The government workers, far from being the key to stimulating the economy are actually a drag on it, but the people getting the reshuffled goods don't see it that way.
So an abundance of government drags the private economy down, and more workers get laid off. The government responds by adding programs to dig and fill up more holes. Or maybe they send more people to college when there are not enough suitable jobs for the college graduates we already have. Whatever government does with the "stimulus" money they got from others, they will make choices that are less productive than the choices that would have been made if the money had been left in the hands of those that earned it.
That is because 1) the collective intelligence of the free market is smarter than any one group of bureaucrats hammering out a five-year plan and 2) people will always spend their own money with more care and spend other people's money with less care and 3) if the government grabs a big enough share of the earner's earnings some of them will choose to earn less and relax more. This will lower the number of goods and services the economy produces and thus undermine the value of money.
In this case the entire plan is being financed by debt. This is simply a purchase of economic activity now at the expense of economic activity in the future. The world has already shown signs that it is growing tired of participating (via loaning our government money) in the charade.
I also want to point out that even a Republican plan that has 100% tax cuts, unless it is paired with a reduction in government spending, is just making the unwarranted assumption that today's private consumers will make wiser decisions than those of the next generation, so that taking the money of the next generation and giving it to the current one is morally defensible- at least from a utilitarian viewpoint.
For myself, I see no evidence whatsoever that the current generation will be more prudent in their spending than the next one will be, nor in my view is it the government's place to make that determination.
Neither party in Washington, nor the swarms of parasites who fawn for their favor, want to hear the real way out of this mess. Our government, whether the welfare state or the warfare state, is simply too big for us to support it and maintain a viable economy.

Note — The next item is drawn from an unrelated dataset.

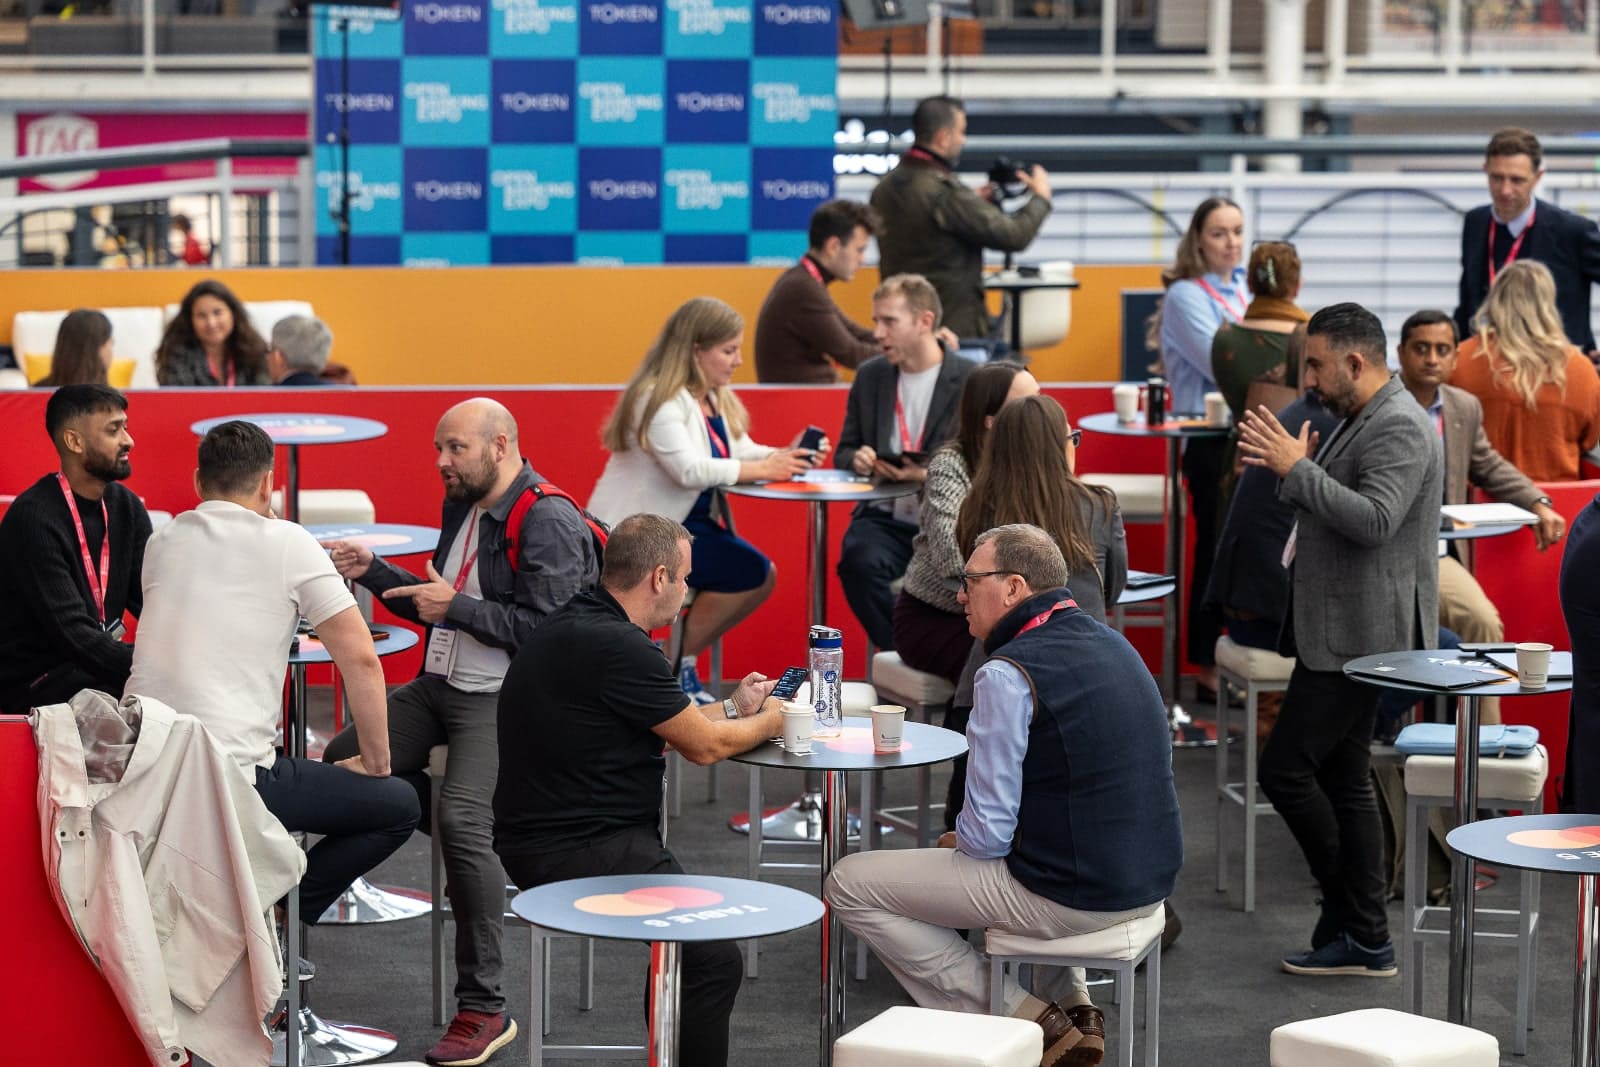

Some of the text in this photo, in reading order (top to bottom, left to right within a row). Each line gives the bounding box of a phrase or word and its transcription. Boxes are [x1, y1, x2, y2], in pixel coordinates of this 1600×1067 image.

The ratio of people producing goods and services in the private sector must grow larger, and the number of government employees who regulate and reshuffle the goods produced by those in the private sector must go down. The era of big government must really be over, or this economy will collapse. At this point, it may collapse anyway.
This so-called stimulus is a costly Band-Aid on a wound that needs major surgery and stitches. It may work temporarily, but eventually our economy must produce jobs, manufacture things again that the world buys and be able to keep going long-term. Money taken from the private sector (or even printed anew), and then returned won't do it; there is always a net loss of jobs, due to the inefficiency of forcibly removing money from the private sector and providing jobs therefrom, particularly when the jobs are digging & filling holes, as you point out. There must be innovation, entrepreneurship, and risk-taking (with the possibility of great reward) in order for the economy to grow and be able to sustain itself. Government must remove or at least ease some of the shackles of doing business in order to keep manufacturers here, rather than moving them to places where there are no minimum wage, environmental, unemployment, and other onerous regulations that make the cost of doing business here astronomical, and thus unaffordable for most. Case in point: Detroit, where quality has given way to personal gain, unions have demanded too much, management has caved thereto, and others(Honda, Toyota, Nissan) have stepped in successfully to fill the void. As Gordon Gekko said in Wall Street, "In my book, you either do it right, or you get eliminated." Government bailing out those who've done it wrong only rewards and encourages failure.